David HoseDavid Hose is a serial entrepreneur who’s been in the tech industry since 1980 – from writing software to taking companies public to a prolific angel investor and startup advisor.

Soundwall is quite possibly the most beautiful object in the internet of things: an innovative speaker that is also a work of art. Literally – it looks like a large format framed poster. Soundwall hangs on your wall, connects to your network, and plays music wirelessly from your phone, iPod, or computer. The outside is an art gallery quality brilliant print in a beautiful black frame. The inside is powered by a Raspberry Pi with custom software and a powerful 100w per channel digital amplifier.

The Soundwall project came about because I really wanted to play with the Raspberry Pi and my friend Sven Coppom had built some very thin speakers using distributed mode technology. We hacked together what became the proto-Soundwall in a couple of weeks – a self-contained wireless speaker that played music from my iPhone over AirPlay. People thought it was really cool so we thought “hey let’s make a product and see if people would buy it!”.

For a software guy like me, who’s very committed to the iterative “Lean Startup” concept, the journey from prototype to a consumer hardware product had a whole lot of learnings. Things like product design, bill-of-material costs, customer awareness and satisfaction each have their own twist in the hardware world.

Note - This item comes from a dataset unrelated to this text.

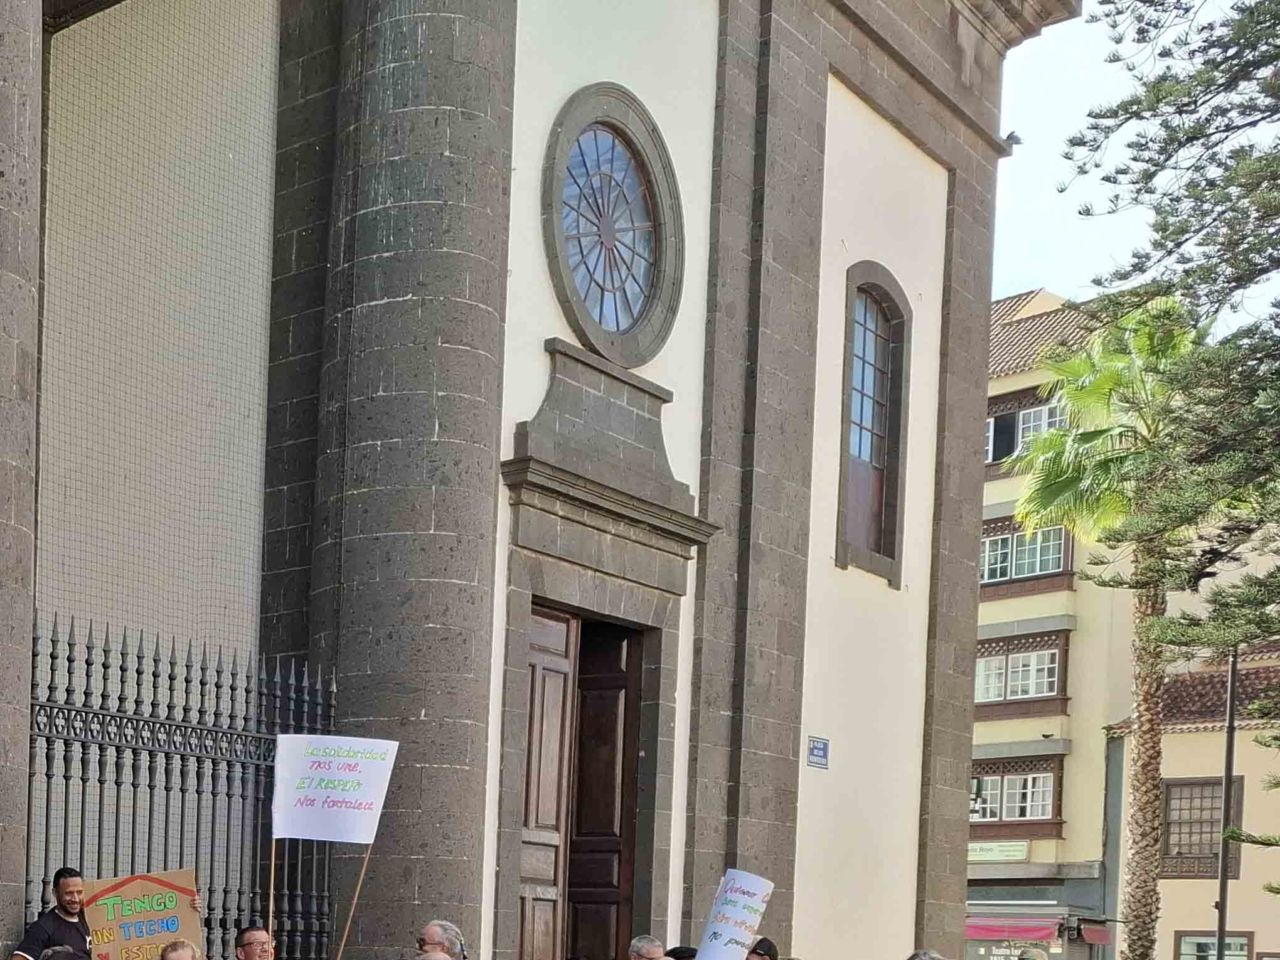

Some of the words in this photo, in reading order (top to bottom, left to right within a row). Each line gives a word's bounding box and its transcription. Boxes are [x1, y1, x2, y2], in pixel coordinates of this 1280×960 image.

[95, 891, 178, 921] TENGO
[92, 927, 115, 945] UN
[119, 915, 180, 940] TECHO

Product Design has some basic similarities between software and hardware. You need to figure out your MVP, think about both the “runtime” and the “admin” features, make sure there’s a fantastic “first-time-thru” experience, and squash the critical bugs. For Soundwall, we decided to build a beautiful high-end product. This mean we spent a lot of time thinking about little things like how to design our power cord (it’s white), whether to allow different frame colors (it’s black), and what specific sizes we would offer. We prototyped many different configurations because until you actually build and test it you really don’t know if it’s actually going to work. Or look good. And not catch on fire. So we were extra, extra careful before we finalized the product. We were so lucky to have a great set of initial pre-release customers who tested early versions and let us learn. (Sven made sure there were no fires.)

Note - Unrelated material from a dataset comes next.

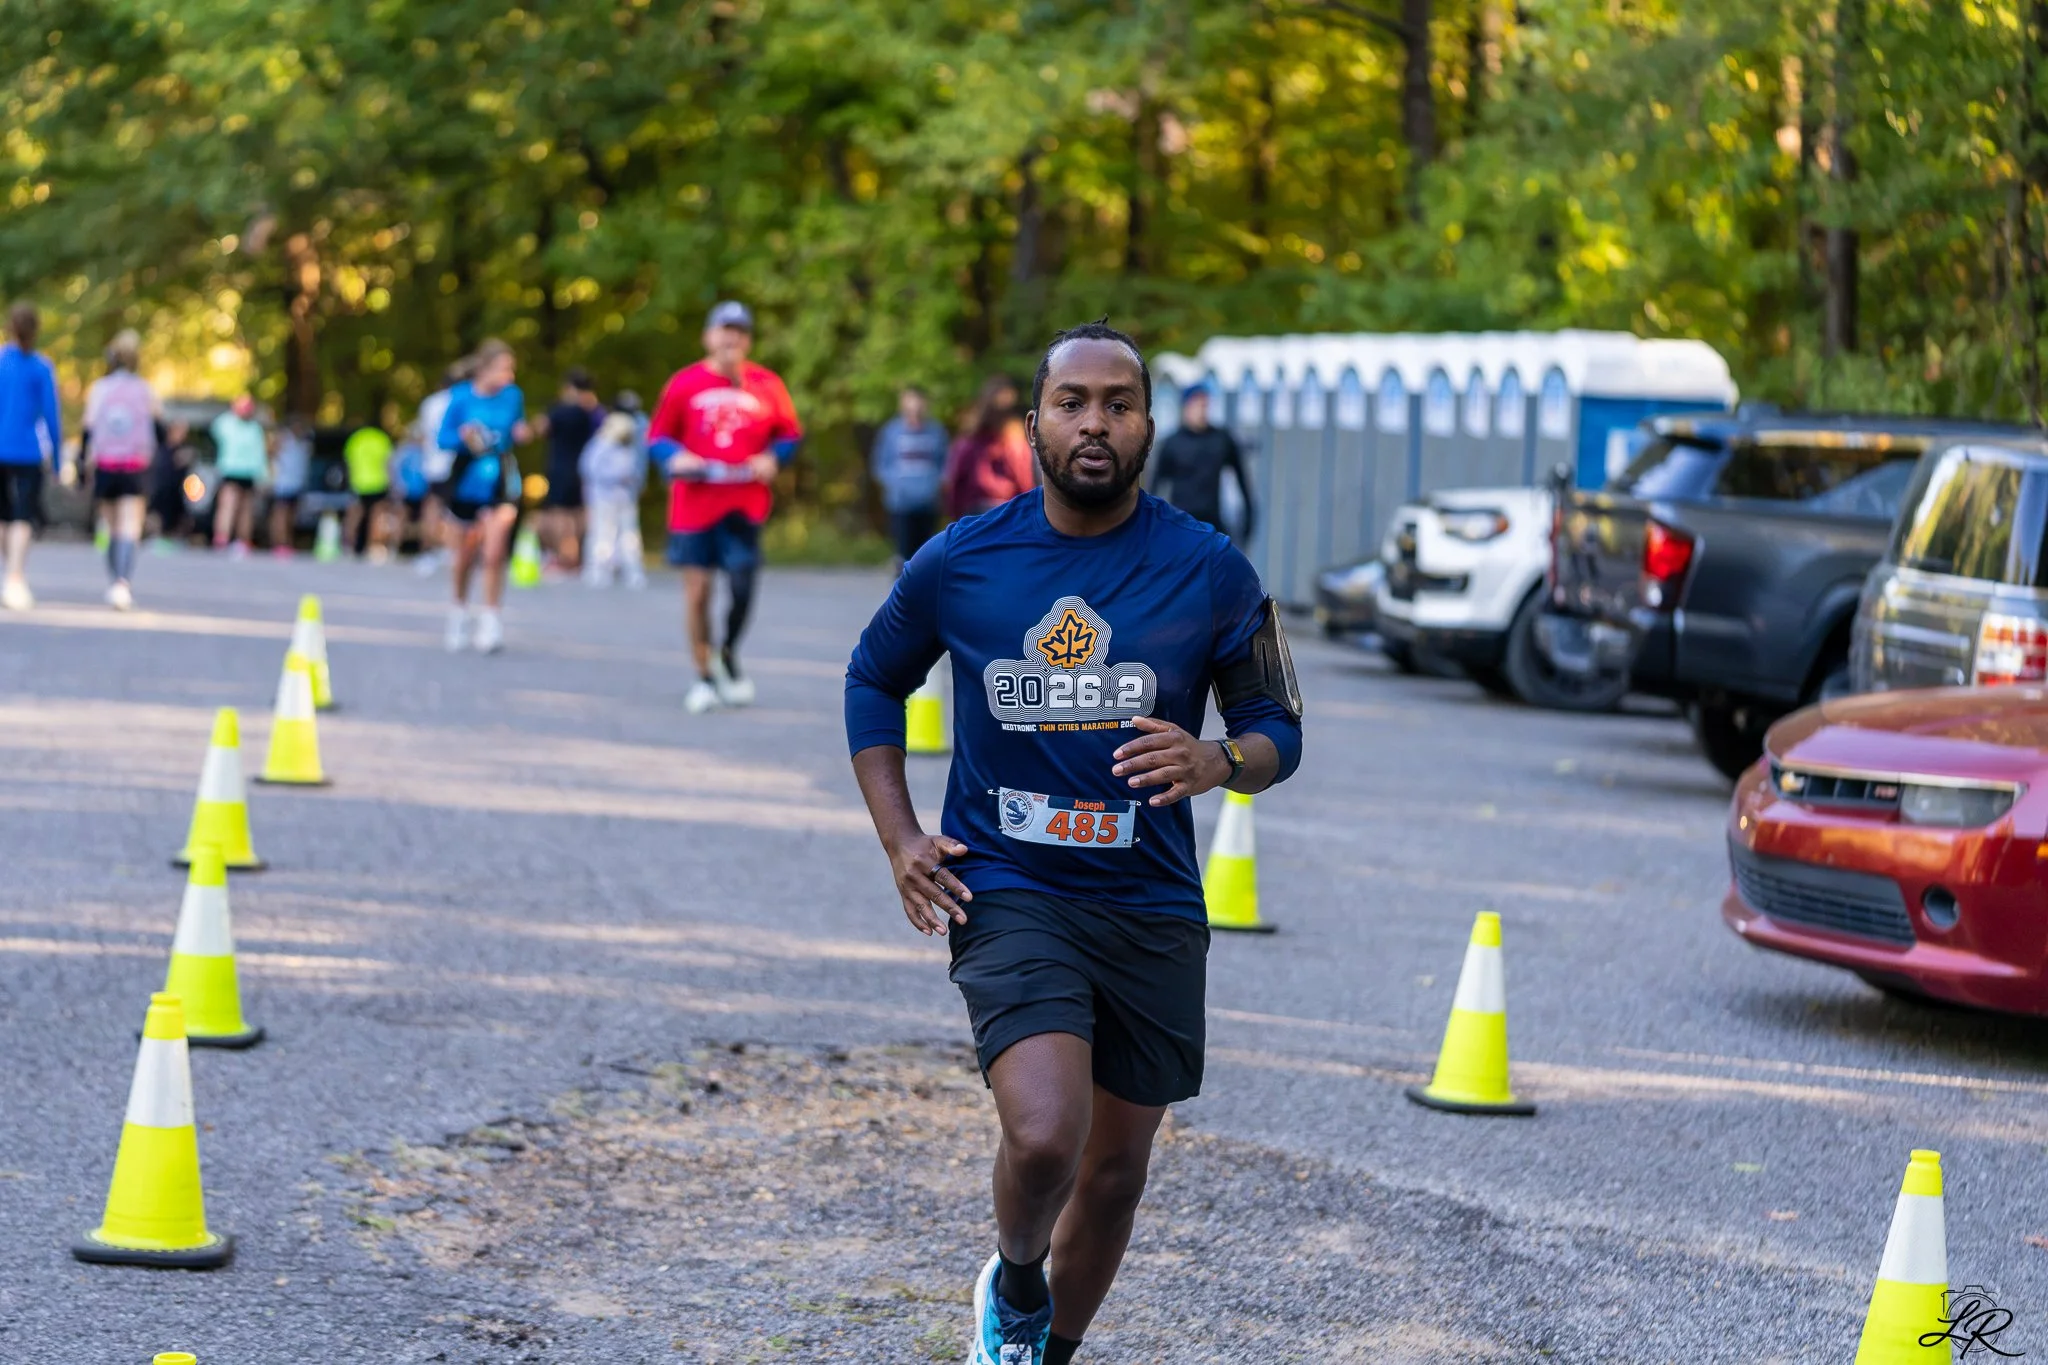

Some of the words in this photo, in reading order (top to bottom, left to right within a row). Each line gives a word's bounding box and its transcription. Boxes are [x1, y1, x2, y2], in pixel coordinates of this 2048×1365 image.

Bill-of-Material costs is where things are wildly divergent between hardware and software. You often build software focused just on functionality and then optimize it later when you start getting big Amazon EC2 bills. You really don’t think much about the costs to deliver the service, except perhaps your third-party software or sometimes bandwidth. Here it was critical that we had a clear view from the beginning on all the parts in the unit and the labor to build it. And then we did a bunch of research and estimates around where we could source the parts, the delivery lead time, and how the prices came down with various volumes. Ordering in volume cuts our costs by almost 50% but it takes a lot of planning and accurate forecasts so you don’t end up with a lot of unused parts. It’s sure easier to scale in software!

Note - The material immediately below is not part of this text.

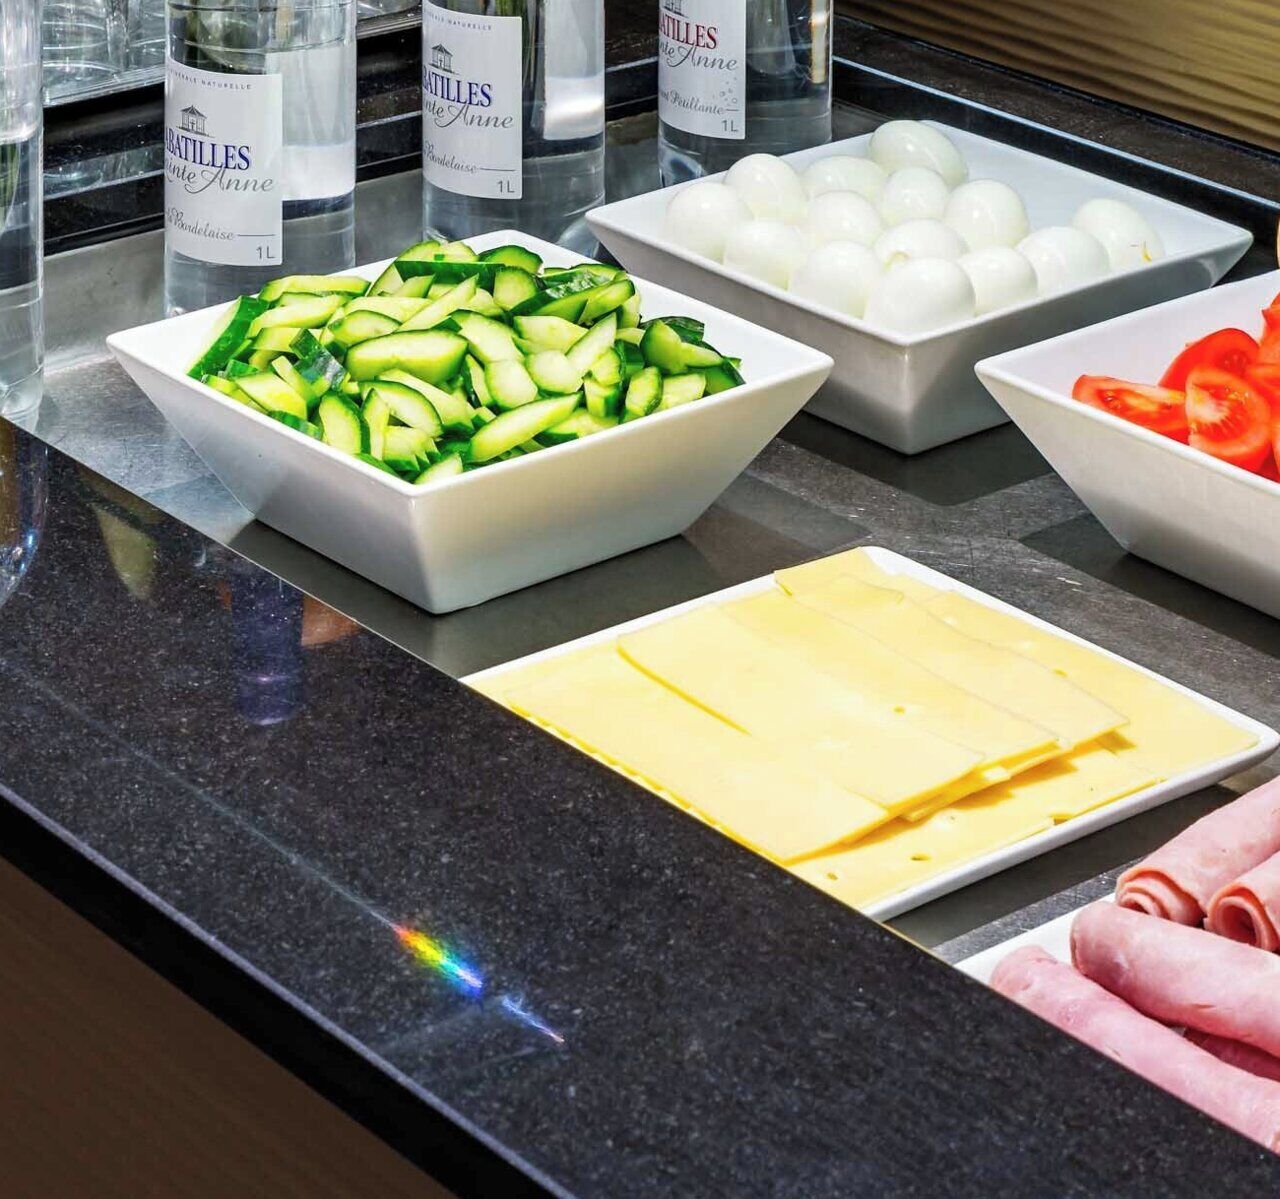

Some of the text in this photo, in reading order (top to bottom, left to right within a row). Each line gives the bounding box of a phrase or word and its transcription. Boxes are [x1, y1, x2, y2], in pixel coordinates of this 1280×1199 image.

[667, 45, 738, 71] Anne
[434, 103, 514, 129] Anne
[184, 168, 274, 194] Anne

Customer Awareness and Satisfaction brought a lot of learnings in part because Soundwall is a new kind of product. People have no idea that this exists so we have to do a lot of education. Their first question is “What is it?” Then “Does it sound good?” (Yes it sounds great!) “Where http://www.molcer.pt/pm/my-life-dating/“view site”elite dating service los angelashttp://www.beautyday.lt/rny/new-england-web-cams/

does it get the music?” (From your phone or iTunes on your computer.) “Can I provide my own image?”(Yes, you can pick one of our images or supply one of your own when you order.) These questions, and more, take on a unique tenor for hardware products especially novel ones. Your prospective customer can’t just go to a website and try it out. They have to experience it and for us that means physically hear the product. That’s when we get the “how cool is this and I want one” responses that make us so excited about Soundwall.

This leads to the importance of “Place” and distribution and margins when marketing hardware products – but that’s another post entirely!